WHAT IS EXPECTED:
An exact transcription of all the records below is required, without any images.

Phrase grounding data
=====
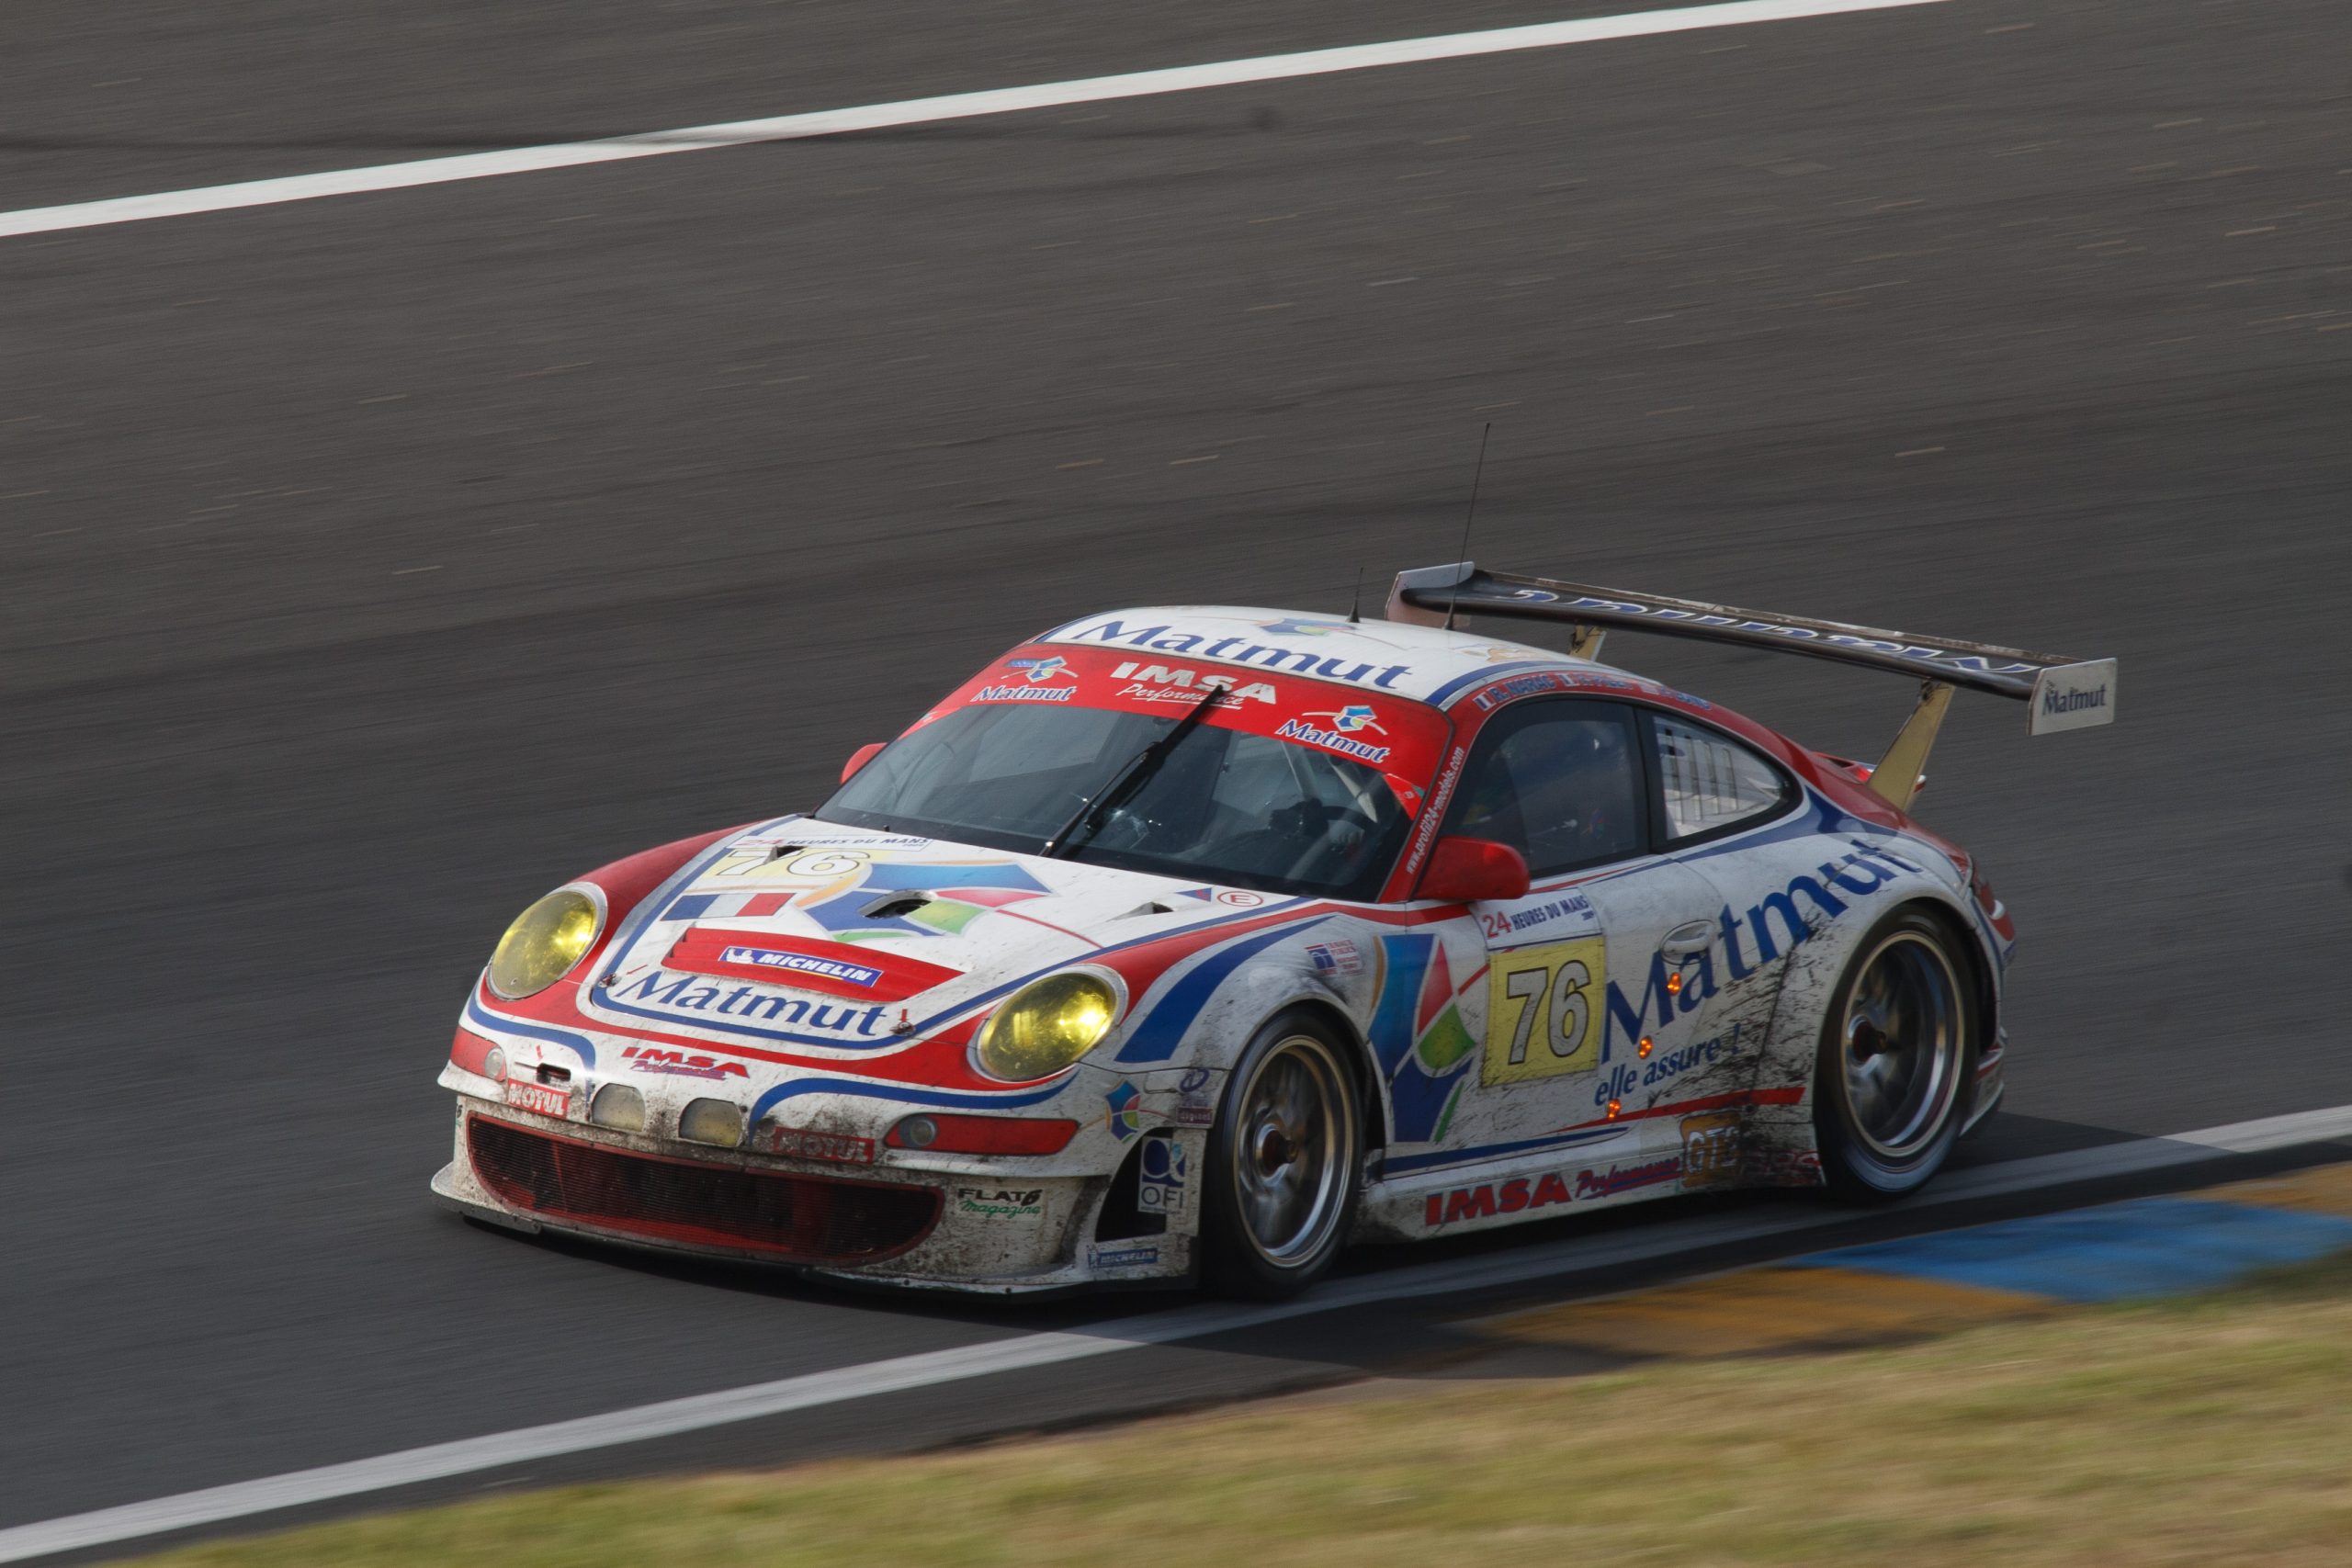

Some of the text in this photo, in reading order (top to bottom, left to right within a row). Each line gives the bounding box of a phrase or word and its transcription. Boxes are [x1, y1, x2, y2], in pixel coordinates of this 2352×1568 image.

[1071, 620, 1413, 689] Matmut
[971, 684, 1077, 704] Matmut
[1110, 661, 1277, 705] IMSA
[2042, 683, 2106, 716] Matmut
[1274, 717, 1390, 764] Matmut
[716, 850, 871, 877] 76
[1482, 910, 1512, 939] 24
[1510, 907, 1547, 931] HEURES
[1544, 903, 1561, 919] DU
[1559, 895, 1589, 916] MANS
[758, 953, 873, 981] MICHELIN
[1600, 840, 1924, 1065] Matmut
[615, 971, 888, 1037] Matmut
[1506, 959, 1592, 1066] 76
[621, 1046, 751, 1079] IMSA
[1595, 1063, 1637, 1106] elle
[1643, 1037, 1721, 1087] assure
[508, 1083, 565, 1115] MOTUL
[779, 1131, 868, 1162] MOTUL
[1425, 1171, 1573, 1226] IMSA
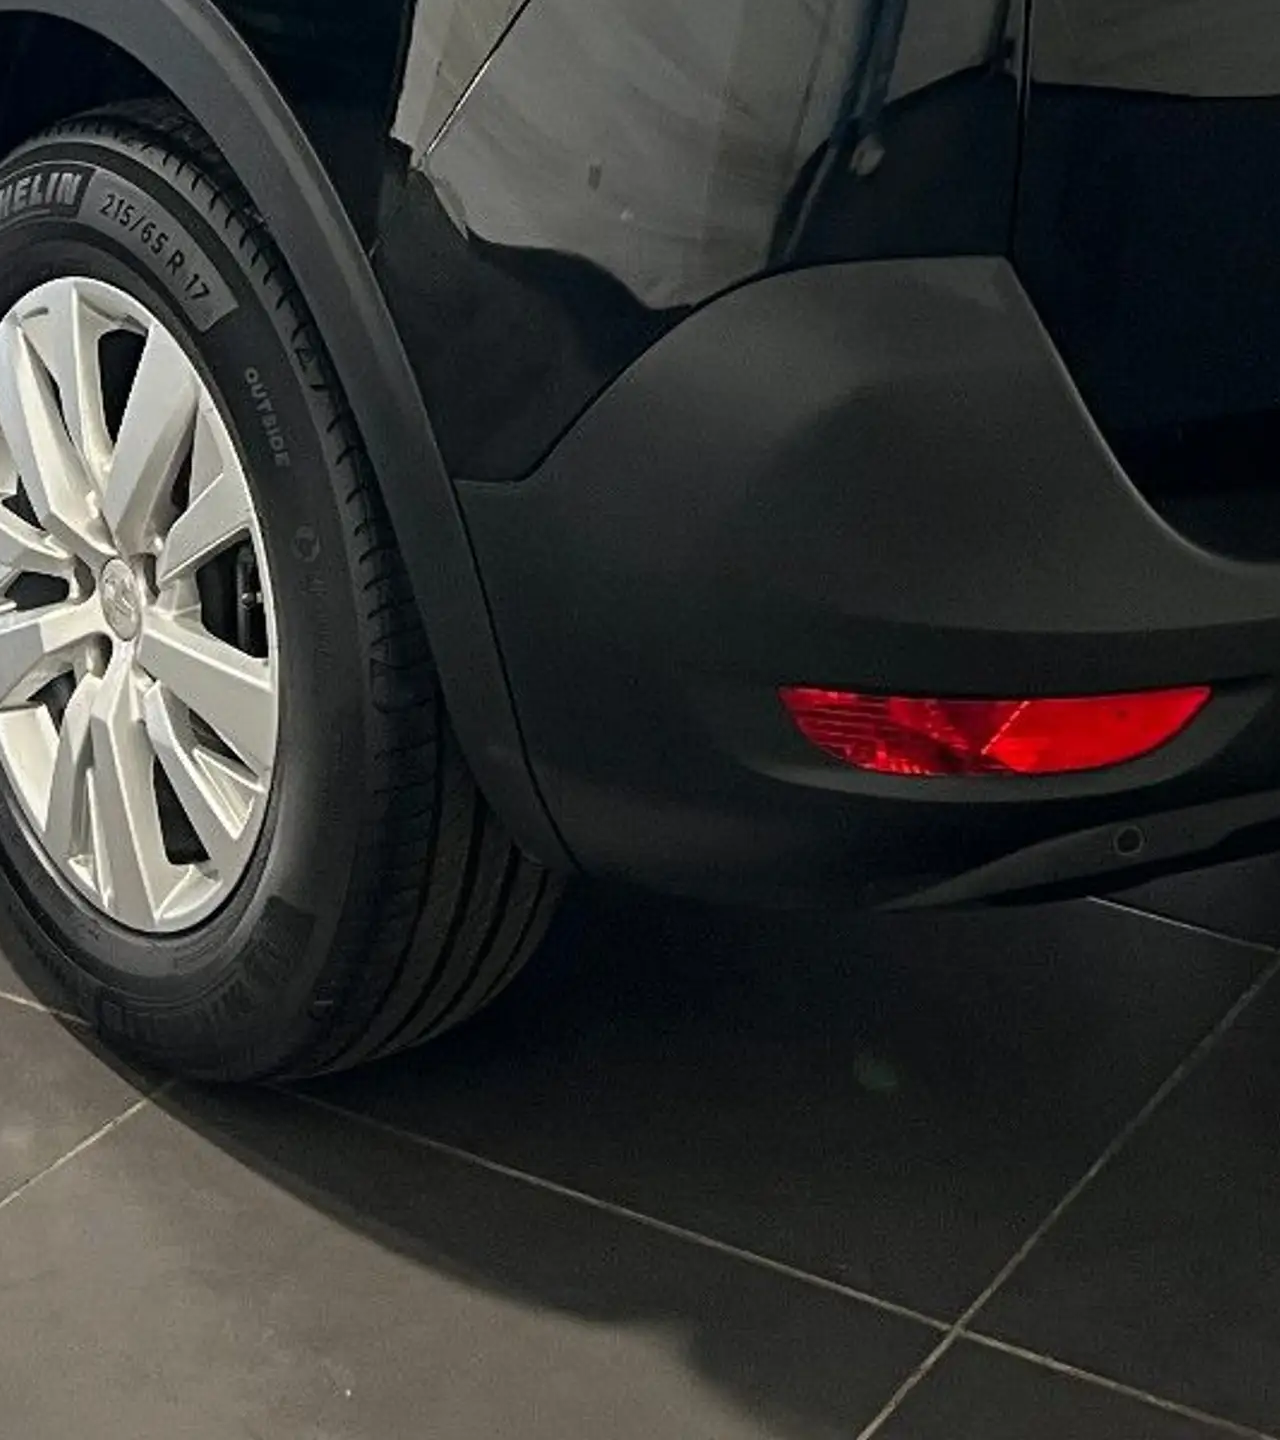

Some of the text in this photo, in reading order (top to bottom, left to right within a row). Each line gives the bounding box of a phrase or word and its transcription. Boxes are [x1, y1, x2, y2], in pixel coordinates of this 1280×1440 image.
=====
RESPONSE BELOW:
Some of the text in this photo, in reading order (top to bottom, left to right within a row). Each line gives the bounding box of a phrase or word and its transcription. Boxes are [x1, y1, x2, y2], in pixel coordinates of this 2352×1568 image.

[1071, 620, 1413, 689] Matmut
[971, 684, 1077, 704] Matmut
[1110, 661, 1277, 705] IMSA
[2042, 683, 2106, 716] Matmut
[1274, 717, 1390, 764] Matmut
[716, 850, 871, 877] 76
[1482, 910, 1512, 939] 24
[1510, 907, 1547, 931] HEURES
[1544, 903, 1561, 919] DU
[1559, 895, 1589, 916] MANS
[758, 953, 873, 981] MICHELIN
[1600, 840, 1924, 1065] Matmut
[615, 971, 888, 1037] Matmut
[1506, 959, 1592, 1066] 76
[621, 1046, 751, 1079] IMSA
[1595, 1063, 1637, 1106] elle
[1643, 1037, 1721, 1087] assure
[508, 1083, 565, 1115] MOTUL
[779, 1131, 868, 1162] MOTUL
[1425, 1171, 1573, 1226] IMSA

Some of the text in this photo, in reading order (top to bottom, left to right within a row). Each line gives the bounding box of a phrase or word and its transcription. Boxes are [x1, y1, x2, y2], in pixel coordinates of this 1280×1440 image.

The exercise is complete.